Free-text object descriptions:
######
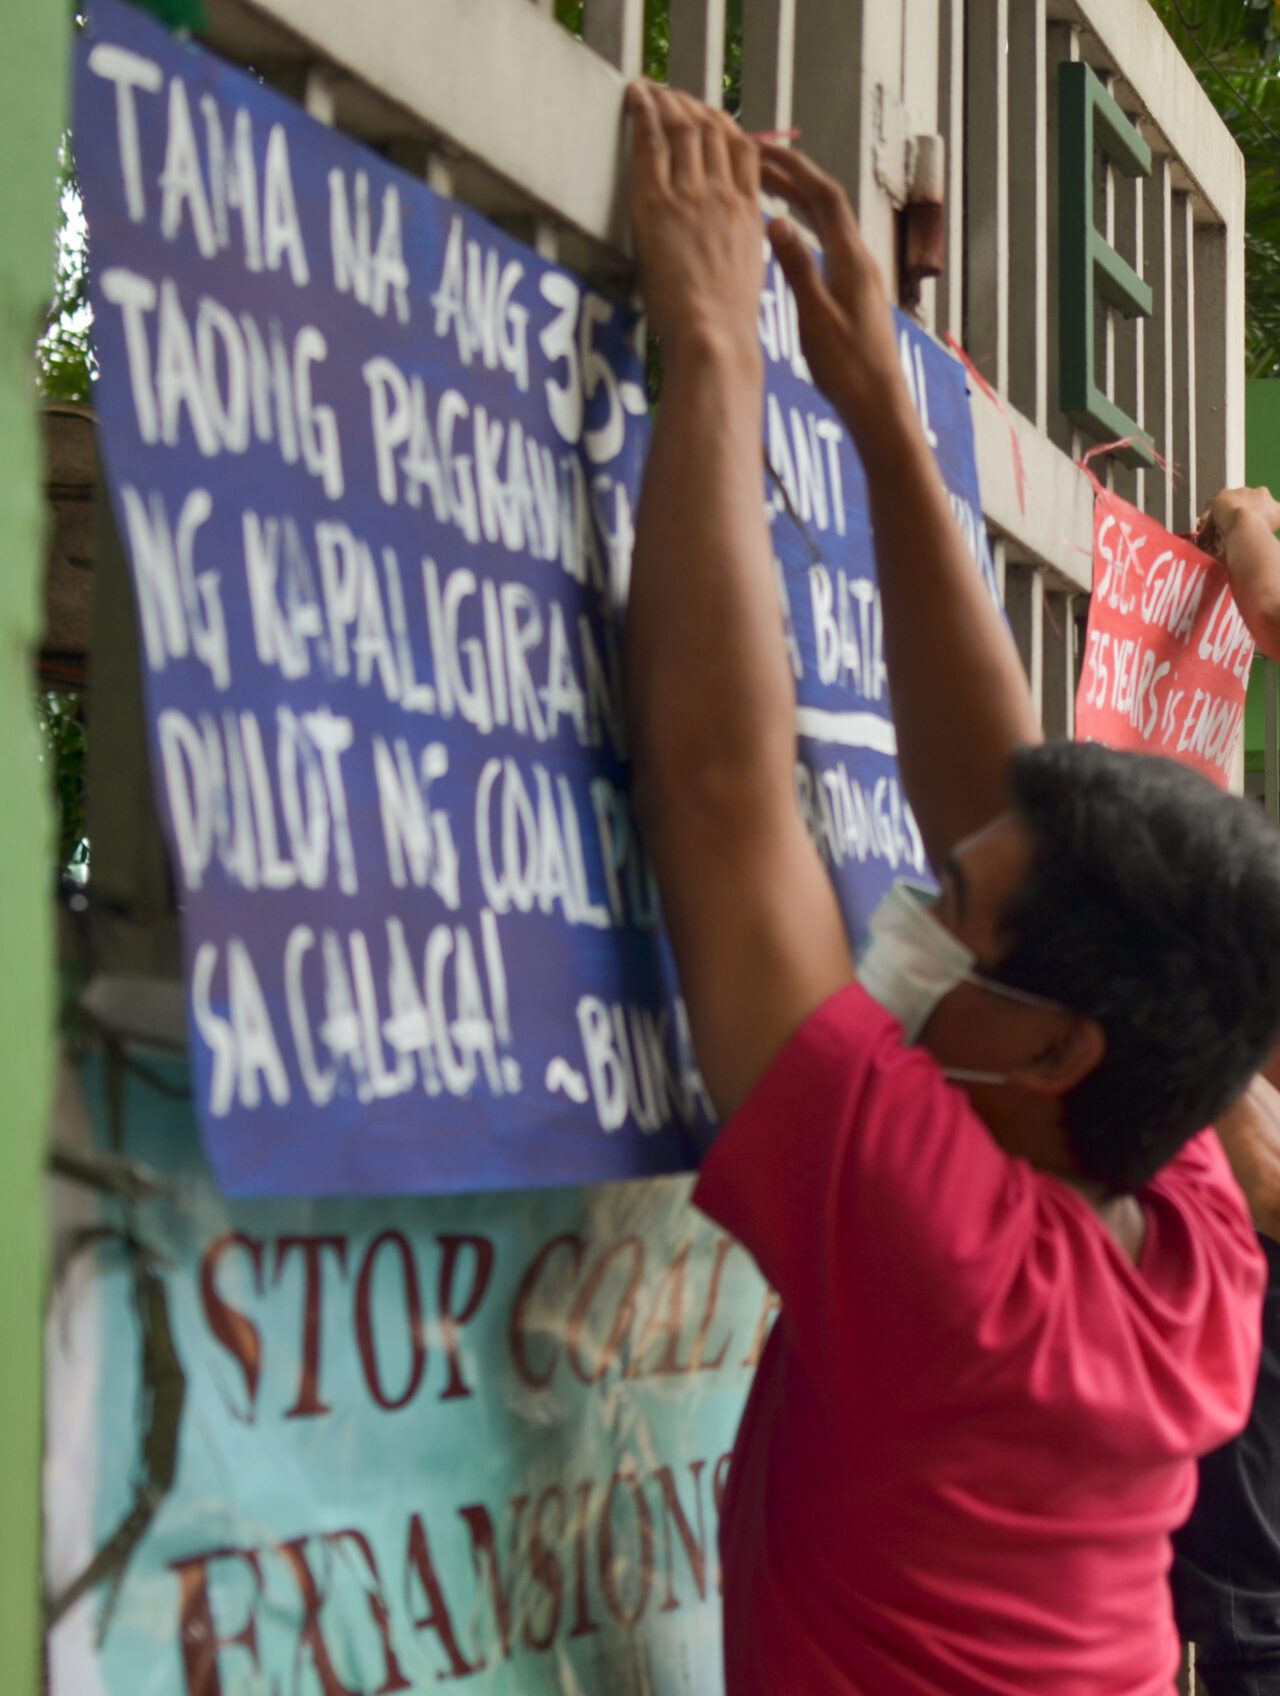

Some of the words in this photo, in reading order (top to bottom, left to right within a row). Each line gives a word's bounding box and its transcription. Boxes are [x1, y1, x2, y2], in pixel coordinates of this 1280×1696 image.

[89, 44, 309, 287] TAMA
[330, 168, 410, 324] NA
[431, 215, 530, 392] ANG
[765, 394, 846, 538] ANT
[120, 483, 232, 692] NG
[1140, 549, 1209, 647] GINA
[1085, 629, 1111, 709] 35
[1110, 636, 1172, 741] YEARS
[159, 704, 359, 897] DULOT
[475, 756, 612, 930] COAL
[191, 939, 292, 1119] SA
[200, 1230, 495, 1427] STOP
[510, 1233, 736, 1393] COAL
######
The records above should be repeated exactly, with no pictures in the copy.

Some of the words in this photo, in reading order (top to bottom, left to right within a row). Each line gives a word's bounding box and its transcription. Boxes are [x1, y1, x2, y2], in pixel coordinates of this 1280×1696 image.

[89, 44, 309, 287] TAMA
[330, 168, 410, 324] NA
[431, 215, 530, 392] ANG
[765, 394, 846, 538] ANT
[120, 483, 232, 692] NG
[1140, 549, 1209, 647] GINA
[1085, 629, 1111, 709] 35
[1110, 636, 1172, 741] YEARS
[159, 704, 359, 897] DULOT
[475, 756, 612, 930] COAL
[191, 939, 292, 1119] SA
[200, 1230, 495, 1427] STOP
[510, 1233, 736, 1393] COAL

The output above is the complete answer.